Bring Your Own Server
The Bring Your Own Server (BYOS) feature lets you connect almost any machine to PipeOps and manage it alongside your other servers. This includes physical hardware, on-premise servers, and virtual machines from any cloud provider.
Before you begin, make sure your machine meets the following requirements:
- It has a stable internet connection so it can communicate with the PipeOps control plane.
- If you are on Windows, you must have WSL (Windows Subsystem for Linux) installed. See the WSL setup guide before continuing.
Step 1: Choose Bring Your Own Server
On the Choose Your Deployment Path page, select Bring Your Own Server, then click Proceed.

Step 2: Configure Server Details
Enter a name for your server, then select a Gateway Region — this is the region PipeOps will use to route traffic to your machine. Each region displays its bandwidth cost so you can choose based on your location and budget.
Click Generate Token. PipeOps generates a registration token and a pre-filled installation command tied to your server name and selected region.
Step 3: Install and Connect
Open a terminal on your target machine and run the installation commands. The steps vary slightly depending on your operating system.
Where possible, copy the command directly from your PipeOps dashboard — it includes your token and server name pre-filled. If you are entering the commands manually, replace YOUR_GENERATED_TOKEN and YOUR_SERVER_NAME with your actual values.
Linux (native or remote VM via SSH)
Install the PipeOps CLI:
curl -fsSL https://get.pipeops.dev/cli.sh | bash
Then run the agent installer using your token and server name:
export PIPEOPS_TOKEN="YOUR_GENERATED_TOKEN"
export CLUSTER_NAME="YOUR_SERVER_NAME"
pipeops agent install
Windows (via WSL)
Open your Ubuntu or WSL terminal — not PowerShell — and run:

export PIPEOPS_TOKEN="YOUR_GENERATED_TOKEN"
export CLUSTER_NAME="YOUR_SERVER_NAME"
sudo PIPEOPS_TOKEN="$PIPEOPS_TOKEN" CLUSTER_NAME="$CLUSTER_NAME" bash -c "curl -fsSL https://get.pipeops.dev/k8-install.sh | bash"
Step 4: Monitor Installation Progress
After running the commands, your terminal displays the installation progress. PipeOps provisions a K3S environment on your machine automatically.

Step 5: Confirm Registration
Once the terminal shows a success message, return to the PipeOps dashboard. Your server will show a Registered status badge or a success modal. Click Complete to view your server details.

Your server is now connected and ready for deployments.
Step 6: Connect a Git Provider and Select a Source
On the project deployment page, select From Repository or From Templates.
To deploy from a repository, select your Git provider. If your repository is not connected yet, click Link New Repo and follow the prompts. Then select or add the organization that owns the repository. If prompted, install the PipeOps Git app to grant access to your repositories.

Step 7: Select a Repository and Branch
Choose the repository you want to deploy, then select the branch PipeOps should build from. Click Proceed.

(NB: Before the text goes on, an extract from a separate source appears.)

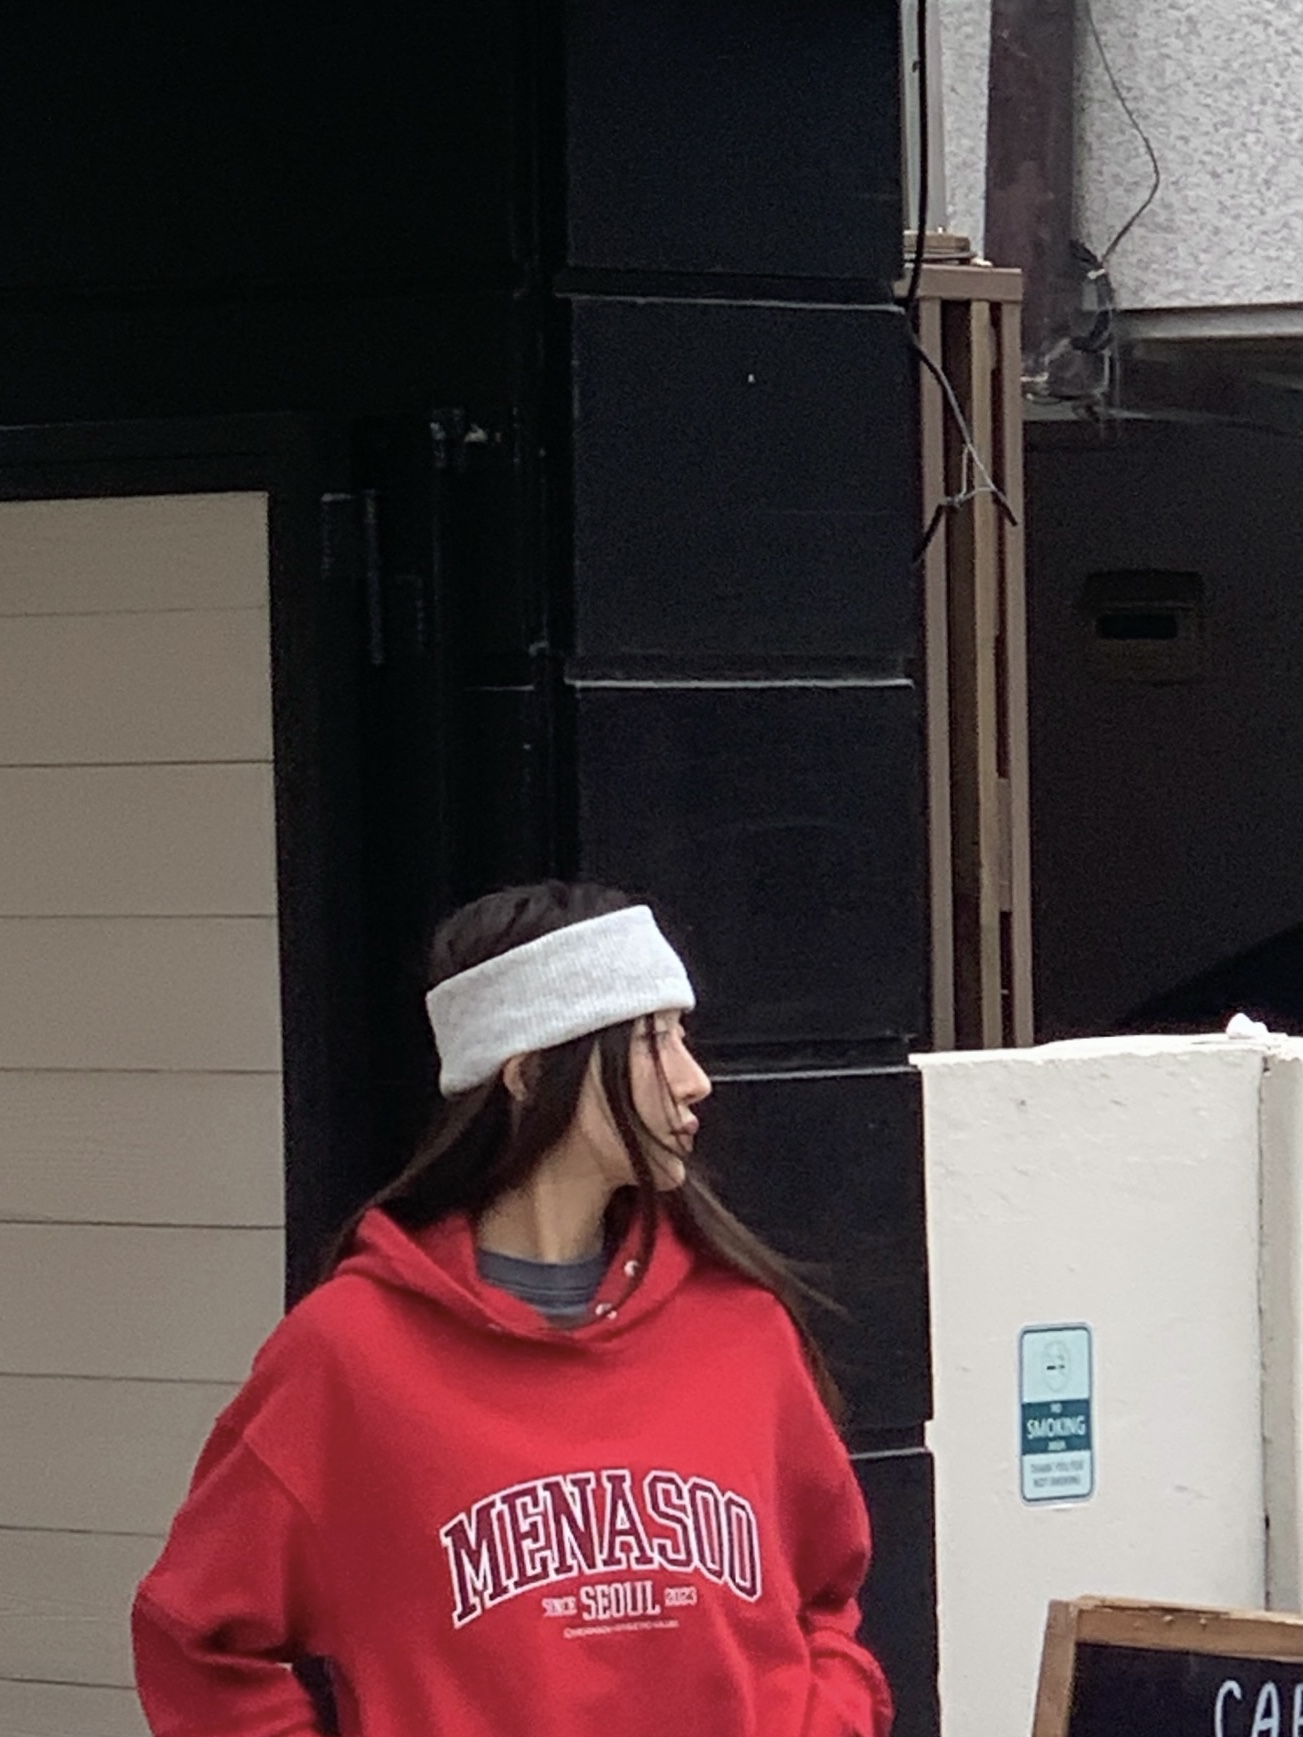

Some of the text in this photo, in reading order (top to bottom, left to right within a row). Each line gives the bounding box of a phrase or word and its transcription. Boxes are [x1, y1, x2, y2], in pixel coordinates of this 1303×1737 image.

[1026, 1415, 1086, 1440] SMOKING
[439, 1469, 763, 1630] MENASOO
[579, 1579, 662, 1621] SEOUL

Step 8: Review the Project Summary
Before deploying, confirm your project configuration:
- Project name — update if needed
- Deployment environment — select from your available environments, or create a new one. PipeOps includes Production and Beta by default, but you can create additional environments up to the limit your plan allows
- Target server — the BYOS server registered in Step 5
- CPU and memory — adjust resource allocation as needed
- Project source — verify the correct repository and branch
Click Proceed when everything looks correct.

Step 9: Configure Build Settings
PipeOps detects your framework and recommends build settings automatically. Review and adjust the following before deploying:
- Build method and release command
- Networking — enable public access, configure generated or custom domains, or set up TCP proxy settings
- Environment variables — add any variables your application requires at runtime
Click Deploy Project to start the deployment.

Step 10: Monitor the Deployment
Track progress in the deployment pipeline. Build logs and app logs update in real time so you can catch any issues as they happen.

Step 11: Deployment Complete
When the deployment succeeds, PipeOps confirms that your project is live.

Your project is now running on your BYOS server. To manage environments, configure custom domains, or set up CI/CD triggers, see the Project Deployment guide.
Troubleshooting
Permission denied errors
Run the installation commands with sudo on Linux and WSL.
Connection timeouts
Check that your machine's firewall allows outbound connections to pipeops.dev.
For further help, see the agent documentation.